%%

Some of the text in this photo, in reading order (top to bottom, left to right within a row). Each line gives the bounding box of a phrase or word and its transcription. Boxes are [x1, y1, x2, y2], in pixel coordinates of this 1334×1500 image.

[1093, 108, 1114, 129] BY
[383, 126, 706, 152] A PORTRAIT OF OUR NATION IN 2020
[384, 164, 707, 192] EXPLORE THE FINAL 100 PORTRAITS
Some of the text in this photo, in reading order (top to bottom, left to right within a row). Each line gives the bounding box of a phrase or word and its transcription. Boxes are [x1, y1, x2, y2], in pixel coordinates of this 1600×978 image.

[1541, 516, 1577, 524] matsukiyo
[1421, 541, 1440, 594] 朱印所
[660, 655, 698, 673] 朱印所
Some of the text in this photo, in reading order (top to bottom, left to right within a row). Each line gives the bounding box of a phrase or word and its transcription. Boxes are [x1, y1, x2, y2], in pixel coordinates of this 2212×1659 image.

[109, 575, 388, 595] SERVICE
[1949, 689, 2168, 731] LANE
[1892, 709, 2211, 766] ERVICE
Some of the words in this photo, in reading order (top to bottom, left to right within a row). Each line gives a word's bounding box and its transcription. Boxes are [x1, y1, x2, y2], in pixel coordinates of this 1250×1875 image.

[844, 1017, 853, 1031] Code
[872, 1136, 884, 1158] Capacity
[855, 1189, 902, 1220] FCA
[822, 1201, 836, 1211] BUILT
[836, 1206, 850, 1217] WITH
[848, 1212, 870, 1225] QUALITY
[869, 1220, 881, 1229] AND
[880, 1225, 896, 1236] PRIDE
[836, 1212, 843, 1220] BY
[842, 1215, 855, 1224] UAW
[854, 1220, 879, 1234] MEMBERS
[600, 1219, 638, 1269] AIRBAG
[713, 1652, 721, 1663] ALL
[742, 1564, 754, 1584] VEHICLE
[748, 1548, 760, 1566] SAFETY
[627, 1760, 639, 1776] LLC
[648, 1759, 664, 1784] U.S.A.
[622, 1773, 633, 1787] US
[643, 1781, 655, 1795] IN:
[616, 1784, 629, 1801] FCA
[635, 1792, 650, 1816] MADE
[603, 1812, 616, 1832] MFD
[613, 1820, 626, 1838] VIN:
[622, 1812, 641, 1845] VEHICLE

%%

All of the records go in your answer, copied exactly.

Some of the text in this photo, in reading order (top to bottom, left to right within a row). Each line gives the bounding box of a phrase or word and its transcription. Boxes are [x1, y1, x2, y2], in pixel coordinates of this 1334×1500 image.

[1093, 108, 1114, 129] BY
[383, 126, 706, 152] A PORTRAIT OF OUR NATION IN 2020
[384, 164, 707, 192] EXPLORE THE FINAL 100 PORTRAITS
Some of the text in this photo, in reading order (top to bottom, left to right within a row). Each line gives the bounding box of a phrase or word and its transcription. Boxes are [x1, y1, x2, y2], in pixel coordinates of this 1600×978 image.

[1541, 516, 1577, 524] matsukiyo
[1421, 541, 1440, 594] 朱印所
[660, 655, 698, 673] 朱印所
Some of the text in this photo, in reading order (top to bottom, left to right within a row). Each line gives the bounding box of a phrase or word and its transcription. Boxes are [x1, y1, x2, y2], in pixel coordinates of this 2212×1659 image.

[109, 575, 388, 595] SERVICE
[1949, 689, 2168, 731] LANE
[1892, 709, 2211, 766] ERVICE
Some of the words in this photo, in reading order (top to bottom, left to right within a row). Each line gives a word's bounding box and its transcription. Boxes are [x1, y1, x2, y2], in pixel coordinates of this 1250×1875 image.

[844, 1017, 853, 1031] Code
[872, 1136, 884, 1158] Capacity
[855, 1189, 902, 1220] FCA
[822, 1201, 836, 1211] BUILT
[836, 1206, 850, 1217] WITH
[848, 1212, 870, 1225] QUALITY
[869, 1220, 881, 1229] AND
[880, 1225, 896, 1236] PRIDE
[836, 1212, 843, 1220] BY
[842, 1215, 855, 1224] UAW
[854, 1220, 879, 1234] MEMBERS
[600, 1219, 638, 1269] AIRBAG
[713, 1652, 721, 1663] ALL
[742, 1564, 754, 1584] VEHICLE
[748, 1548, 760, 1566] SAFETY
[627, 1760, 639, 1776] LLC
[648, 1759, 664, 1784] U.S.A.
[622, 1773, 633, 1787] US
[643, 1781, 655, 1795] IN:
[616, 1784, 629, 1801] FCA
[635, 1792, 650, 1816] MADE
[603, 1812, 616, 1832] MFD
[613, 1820, 626, 1838] VIN:
[622, 1812, 641, 1845] VEHICLE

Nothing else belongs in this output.